EXERCISE DETAILS:
The lines below should be written out again in full, exactly as they are.

DATA SECTION:

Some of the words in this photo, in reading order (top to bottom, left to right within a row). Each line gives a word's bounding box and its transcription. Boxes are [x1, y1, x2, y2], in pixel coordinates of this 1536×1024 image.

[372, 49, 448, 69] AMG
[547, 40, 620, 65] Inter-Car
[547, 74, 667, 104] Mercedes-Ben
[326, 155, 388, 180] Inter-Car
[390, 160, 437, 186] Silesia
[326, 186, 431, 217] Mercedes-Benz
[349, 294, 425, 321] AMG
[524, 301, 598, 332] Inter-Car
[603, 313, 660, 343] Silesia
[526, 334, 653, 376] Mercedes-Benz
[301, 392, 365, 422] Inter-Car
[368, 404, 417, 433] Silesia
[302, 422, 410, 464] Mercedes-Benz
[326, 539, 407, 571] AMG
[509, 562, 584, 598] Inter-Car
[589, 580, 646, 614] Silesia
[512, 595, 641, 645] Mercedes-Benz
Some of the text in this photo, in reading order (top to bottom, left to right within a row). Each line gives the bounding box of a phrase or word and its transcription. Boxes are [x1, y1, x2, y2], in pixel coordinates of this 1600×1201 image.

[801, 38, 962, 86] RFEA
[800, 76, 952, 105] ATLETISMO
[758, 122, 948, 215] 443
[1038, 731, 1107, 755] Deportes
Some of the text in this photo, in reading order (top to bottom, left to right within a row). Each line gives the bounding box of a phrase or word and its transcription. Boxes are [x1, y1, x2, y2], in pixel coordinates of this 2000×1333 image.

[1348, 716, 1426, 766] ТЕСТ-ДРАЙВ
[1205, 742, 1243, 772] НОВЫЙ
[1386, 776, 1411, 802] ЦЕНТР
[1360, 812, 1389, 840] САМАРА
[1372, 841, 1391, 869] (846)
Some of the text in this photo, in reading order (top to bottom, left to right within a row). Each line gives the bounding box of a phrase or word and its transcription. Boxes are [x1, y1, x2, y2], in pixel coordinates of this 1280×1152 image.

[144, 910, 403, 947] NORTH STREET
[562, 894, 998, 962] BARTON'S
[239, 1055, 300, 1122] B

FINISHED EXERCISE:
Some of the words in this photo, in reading order (top to bottom, left to right within a row). Each line gives a word's bounding box and its transcription. Boxes are [x1, y1, x2, y2], in pixel coordinates of this 1536×1024 image.

[372, 49, 448, 69] AMG
[547, 40, 620, 65] Inter-Car
[547, 74, 667, 104] Mercedes-Ben
[326, 155, 388, 180] Inter-Car
[390, 160, 437, 186] Silesia
[326, 186, 431, 217] Mercedes-Benz
[349, 294, 425, 321] AMG
[524, 301, 598, 332] Inter-Car
[603, 313, 660, 343] Silesia
[526, 334, 653, 376] Mercedes-Benz
[301, 392, 365, 422] Inter-Car
[368, 404, 417, 433] Silesia
[302, 422, 410, 464] Mercedes-Benz
[326, 539, 407, 571] AMG
[509, 562, 584, 598] Inter-Car
[589, 580, 646, 614] Silesia
[512, 595, 641, 645] Mercedes-Benz
Some of the text in this photo, in reading order (top to bottom, left to right within a row). Each line gives the bounding box of a phrase or word and its transcription. Boxes are [x1, y1, x2, y2], in pixel coordinates of this 1600×1201 image.

[801, 38, 962, 86] RFEA
[800, 76, 952, 105] ATLETISMO
[758, 122, 948, 215] 443
[1038, 731, 1107, 755] Deportes
Some of the text in this photo, in reading order (top to bottom, left to right within a row). Each line gives the bounding box of a phrase or word and its transcription. Boxes are [x1, y1, x2, y2], in pixel coordinates of this 2000×1333 image.

[1348, 716, 1426, 766] ТЕСТ-ДРАЙВ
[1205, 742, 1243, 772] НОВЫЙ
[1386, 776, 1411, 802] ЦЕНТР
[1360, 812, 1389, 840] САМАРА
[1372, 841, 1391, 869] (846)
Some of the text in this photo, in reading order (top to bottom, left to right within a row). Each line gives the bounding box of a phrase or word and its transcription. Boxes are [x1, y1, x2, y2], in pixel coordinates of this 1280×1152 image.

[144, 910, 403, 947] NORTH STREET
[562, 894, 998, 962] BARTON'S
[239, 1055, 300, 1122] B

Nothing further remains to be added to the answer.